Boot-Making & Western Heritage Define Mercedes
A recent television report referred to Enrique Camargo as “The Last Bootmaker” in Mercedes.
Camargo’s custom boot shop has been a mainstay in Mercedes on 2nd Street/Business 83 for decades. Where there were once about 10 individual bootmakers, Camargo told KRGV-TV he’s the last man standing in Mercedes when it comes to solo shops.
“What I know I do and they can’t take that away from me,” he said in the interview.

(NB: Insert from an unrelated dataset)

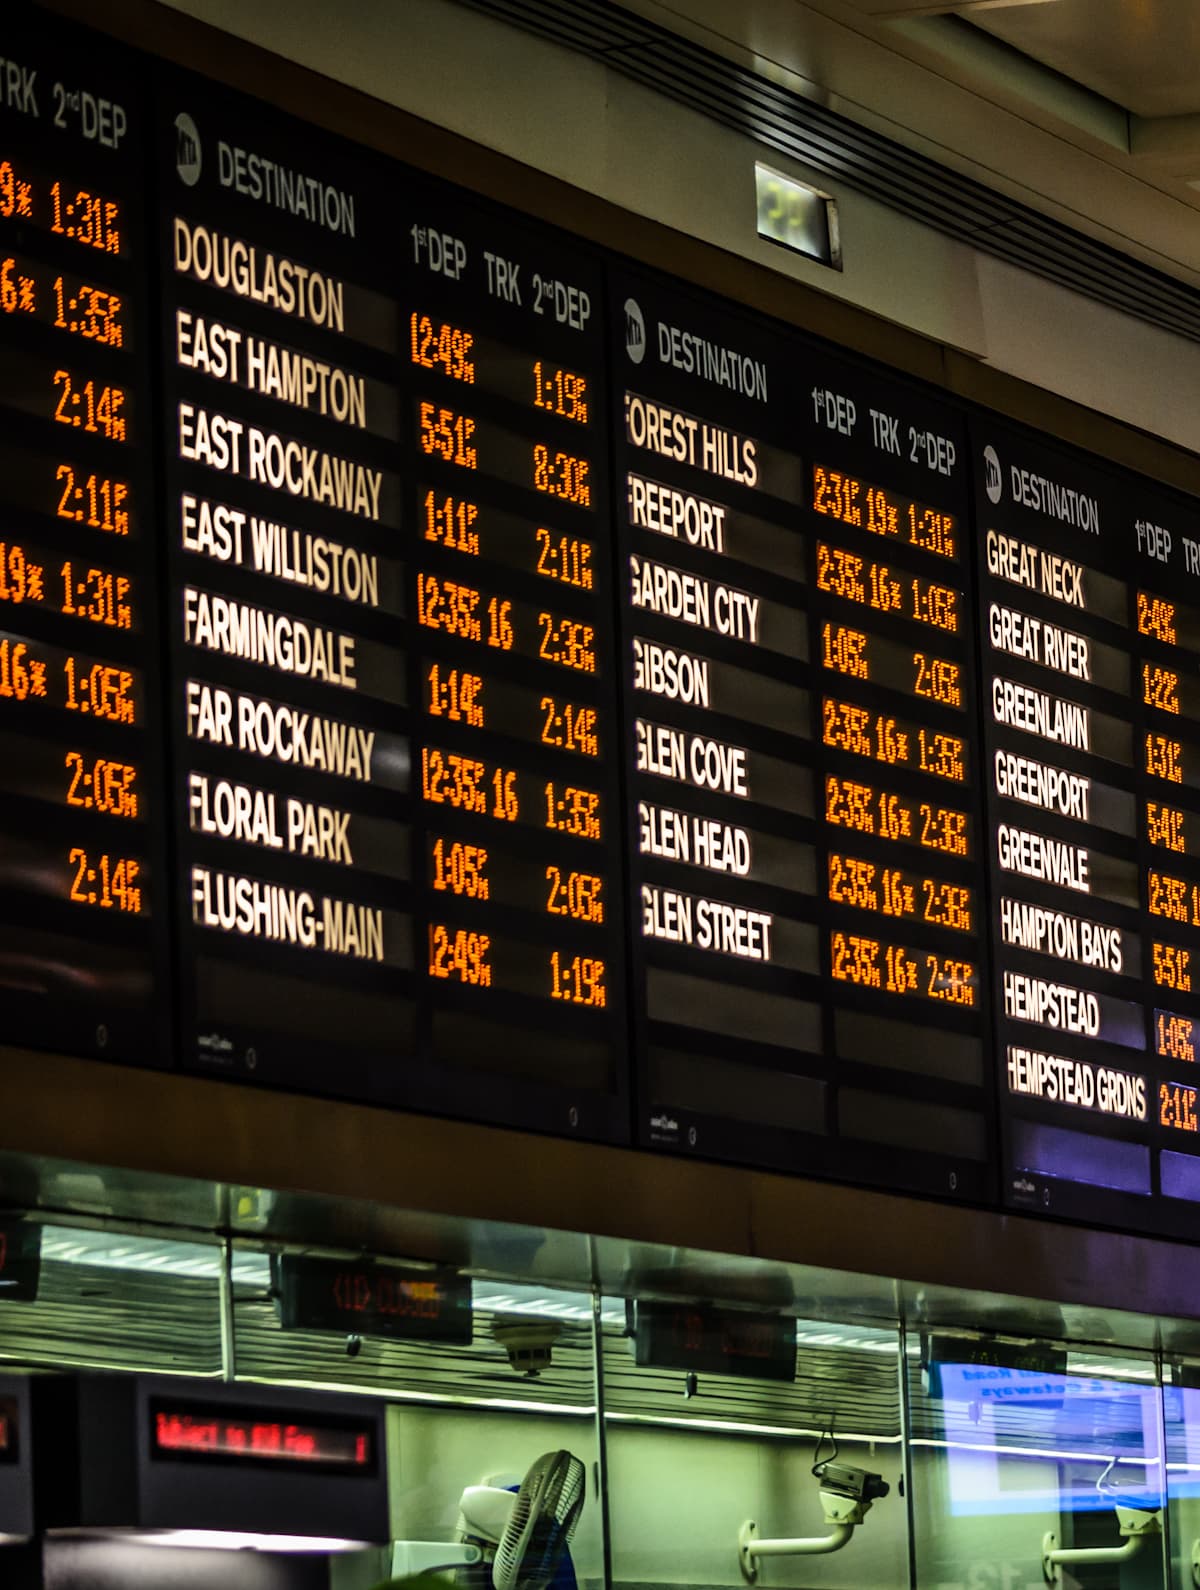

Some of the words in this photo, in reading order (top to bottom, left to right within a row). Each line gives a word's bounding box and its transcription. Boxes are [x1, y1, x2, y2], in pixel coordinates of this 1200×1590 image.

There are, in reality, hundreds of boots made daily in the city and then shipped out across the country and world from Rios of Mercedes Boot Company. Rios has the classic bootmakers that make everything by hand from start-to-finish along with assembly-line type of manufacturing that utilizes some of the hands-on techniques.
Camargo and Rios of Mercedes each in their own ways can tie their boot-making heritage back to the family of Zeferino Rios. Camargo learned from the masters who learned under the tutelage of Zeferino. Rios of Mercedes is named after the father of boot making in the Rio Grande Valley.
“He was a tough old guy,” said Trainor Evans, the patriarch of Rios of Mercedes, of Zeferino, from whom he purchased the company in the mid-1970s. “He didn’t mince words. He had one way of making boots and it was the right way.”
The cowboy/western heritage runs strong in Texas. Some cities in the state claim to be the birthplace of the cowboy or say their community is where the west began. Mercedes needs to make no such claims. The outsized boots that dot the corner of intersections and roadways in Mercedes make statements of their own in saying the city “is known as the home of quality boots,” Evans said in a 2109 interview.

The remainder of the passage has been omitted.